The implications of COVID-19 on pastoralist livelihoods in Kenya’s drylands.
Posted on 3 April 2020 by Billy Jones
The views expressed in this publication are those of the authors and do not necessarily represent those of the Agenda 2030 Graduate School or Lund University. The present document is being issued without formal editing.
Let me ask you a question. And I want you to be honest. How much has the coronavirus pandemic really affected your life so far? Has it forced you to work from home? Cancel a few meetings? Maybe delay your fieldwork? If, like me, the answer to all these questions is yes then you are probably extremely privileged.
If you are lucky enough to still have a job and have not lost any loved ones then, in all honesty, the impact of coronavirus on your day-to-day life is probably not that bad. Worrying, sure. Inconvenient, definitely. But far from devastating.
Now, I’m not just saying this to make you feel bad. I’m merely hoping to offer a dose of perspective, to make you realise how lucky you are. Because for some people – in fact, the vast majority of the global poor – coronavirus genuinely is ruining lives.
Let’s take a look at an example.
The rugged drylands of Kenya are home to some 10 million pastoralists whose livelihoods depend on raising livestock and selling the produce at market. In a country of extreme income inequality, 35% of the population live on less than $1.90 a day and livestock produce is fundamental to income and food security.
Already on the Back Foot
Unsurprisingly, climate change is a real threat in the region, making life more precarious and income security harder to come by. Last year was no exception.
In a region that relies on two rainy seasons a year to produce enough vegetation to feed the 65 million cows, sheep and goats that keep pastoral economies afloat, it is paramount that the rains don’t fail.
Which they did last year. Both of them.
These back-to-back droughts were followed by extreme flooding which severely affected 3.4 million livelihoods in the region, washing away entire villages and drowning the grasslands that feed the livestock.
And, as if that wasn’t enough, the floods were followed by a plague of locusts which has ravaged the entire region.
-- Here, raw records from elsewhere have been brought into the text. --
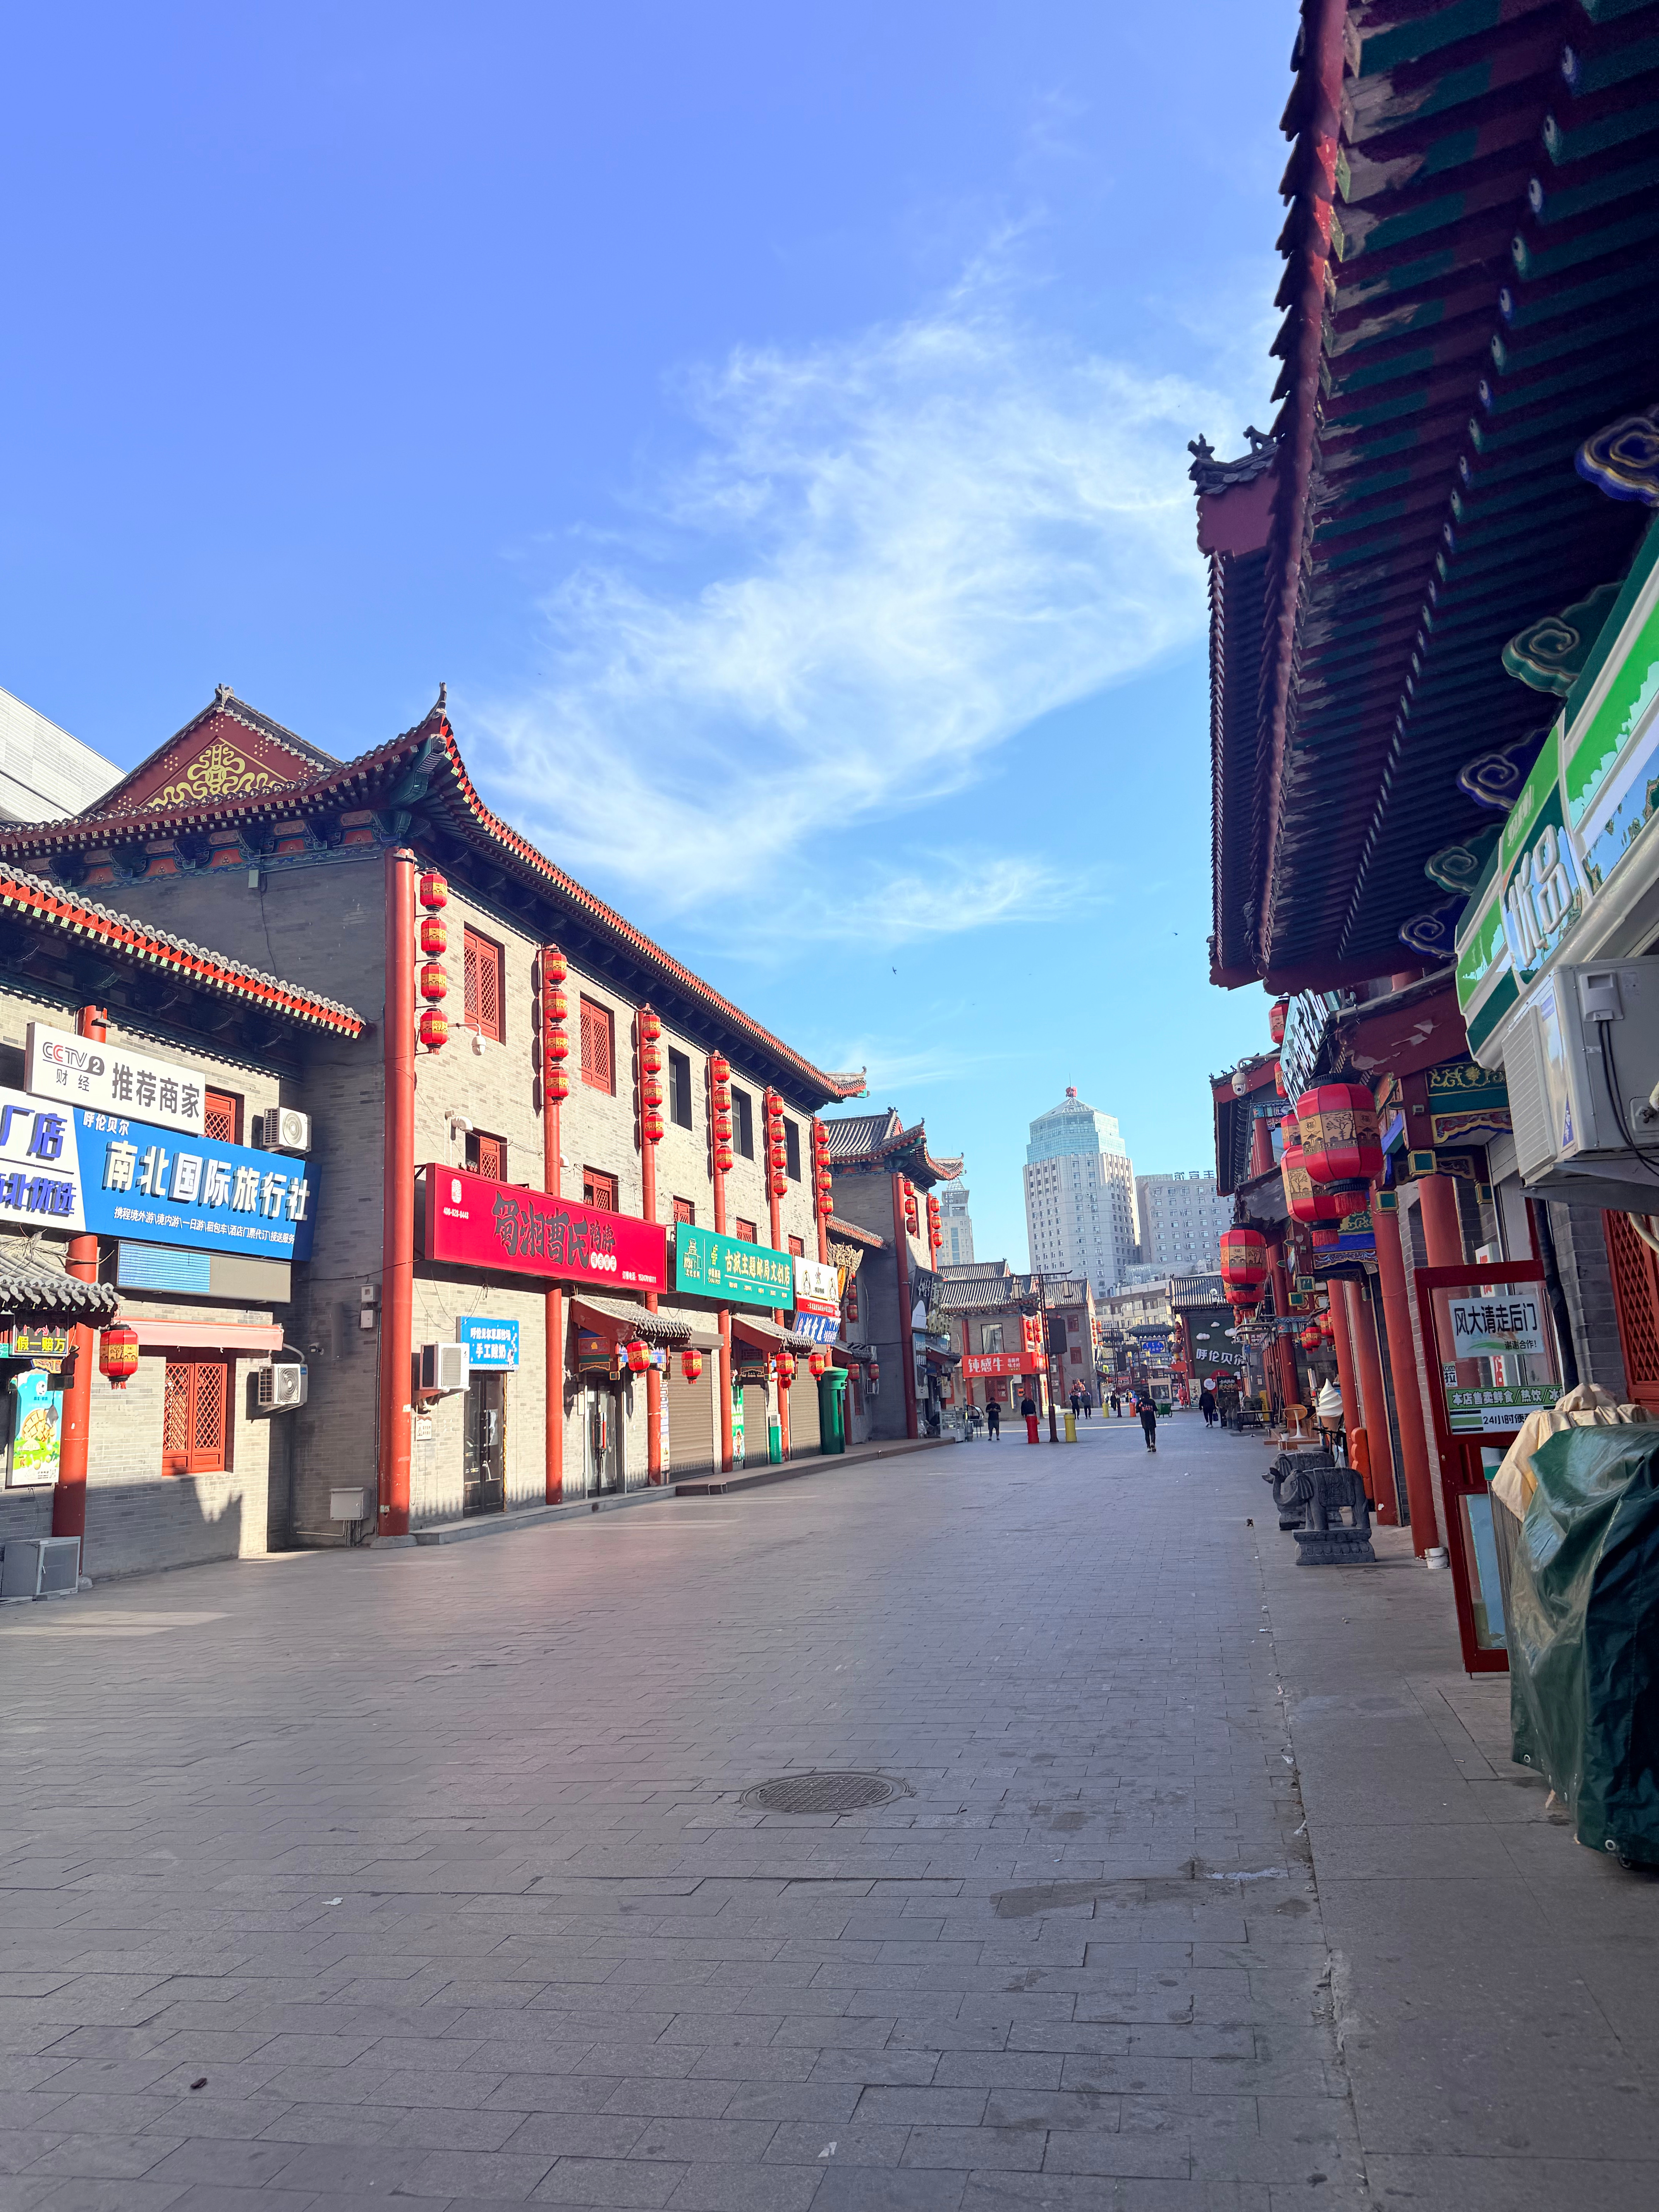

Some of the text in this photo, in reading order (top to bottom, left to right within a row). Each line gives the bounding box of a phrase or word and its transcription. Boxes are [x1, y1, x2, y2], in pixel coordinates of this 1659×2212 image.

[56, 1069, 90, 1092] 财经
[112, 1062, 200, 1119] 推荐商家
[82, 1111, 129, 1135] 呼伦贝尔
[101, 1140, 310, 1222] 南北国际旅行社
[0, 1173, 76, 1217] 北优选
[725, 1249, 790, 1287] 古城主题邮局文创店
[1454, 1303, 1537, 1336] 风大请走后门
[17, 1336, 66, 1352] 假一赔万
[476, 1343, 506, 1359] 手工酸奶
[968, 1357, 1004, 1372] 钝感牛
[1444, 1372, 1456, 1383] 拉
The swarm which is making its way across East Africa eating as much food as 35,000 people every single day risks pushing 3 million people into food insecurity.
To put it mildly, climate change has made life tough for Kenya’s pastoralists over the past year.
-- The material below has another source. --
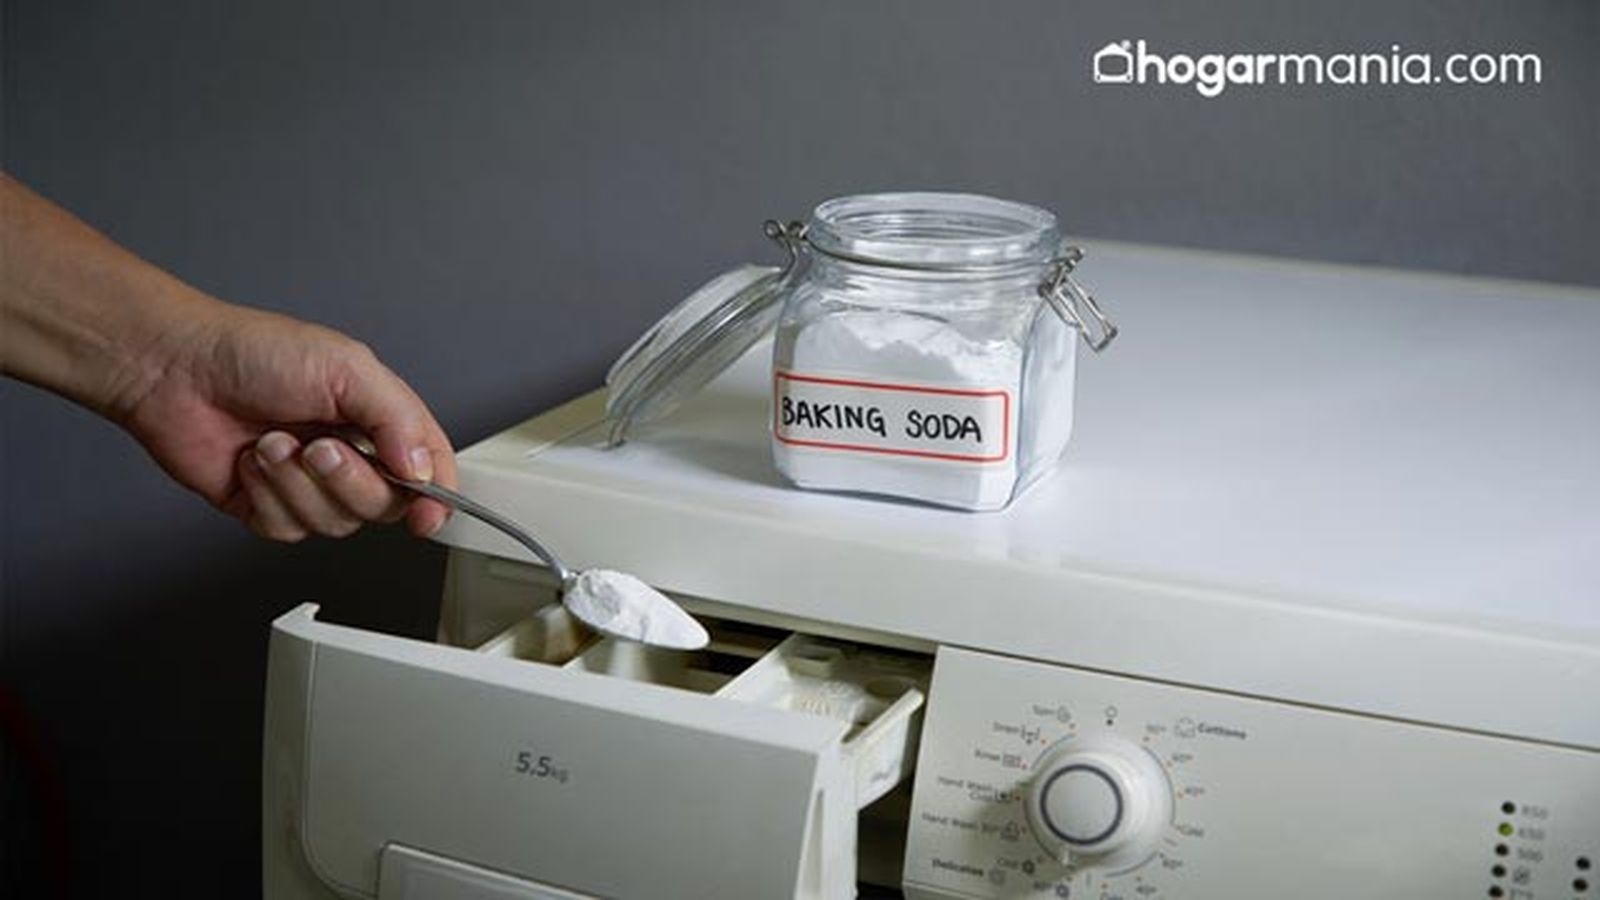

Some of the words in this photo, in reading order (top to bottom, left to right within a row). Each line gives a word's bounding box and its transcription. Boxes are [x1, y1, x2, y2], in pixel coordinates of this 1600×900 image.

[781, 396, 887, 438] BAKING
[905, 408, 983, 443] SODA
[1198, 721, 1247, 741] Cottons
[931, 857, 984, 877] Delicates
And now they have coronavirus to deal with.
Interventions and Livelihoods
Like most others, the Kenyan government have been urging people to practice social distancing, self-isolate and work from home when possible.
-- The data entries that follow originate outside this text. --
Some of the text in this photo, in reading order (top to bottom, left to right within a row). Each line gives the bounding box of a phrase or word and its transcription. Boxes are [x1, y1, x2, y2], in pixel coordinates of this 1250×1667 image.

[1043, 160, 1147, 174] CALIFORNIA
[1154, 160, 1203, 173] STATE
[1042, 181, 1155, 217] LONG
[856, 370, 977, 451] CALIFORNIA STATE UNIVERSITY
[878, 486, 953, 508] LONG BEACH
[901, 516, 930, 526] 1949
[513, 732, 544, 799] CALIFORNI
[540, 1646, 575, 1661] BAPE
But, what exactly does this mean for pastoralists? They typically sell their livestock at bustling, crowded markets and abattoirs, or sell milk to local restaurants and schools. Working from home is certainly not an option. Social distancing at a busy market is nigh-on impossible. And self-isolating means you cannot go to market and sell your livestock for much needed cash.
On top of this the government are taking serious actions to prevent the spread of the disease such as nationwide curfews, banning public gatherings and closing schools, universities and bars and restaurants. While the benefits of this approach ought to be recognised, it will also have a serious economic impact on pastoralists. For example, with 86% of Kenya’s dairy being sold informally at local schools, kiosks and restaurants, these actions threaten to cut off an extremely important source of daily income for many pastoralists. In typically patriarchal societies, this has a bigger impact on women. Milking is typically a female domain and this daily income is often the only income they have control over, meaning even more income insecurity for women.
This puts pastoralists in an extremely difficult situation. Do they follow the rules, thereby foregoing the desperately needed income they have lost in the past year of climatic disasters? Or do they carry on as normal and risk spreading the virus among their community and throughout the national market networks?
The economic shockwaves of coronavirus are undoubtedly going to devastate the livelihoods of countless pastoralists who are already faced with unfathomable climate challenges to say the least. And sadly, this sobering set of circumstances is far too similar for poor communities the world over.
Time will only tell the impact this pandemic has on the livelihoods of those most at risk. Hopefully the world’s leaders will step up and offer those who most need it the support to ride the shockwaves.
In the meantime, I hope this gives you a bit of perspective on your own situation. Perhaps working from home isn’t so bad after all.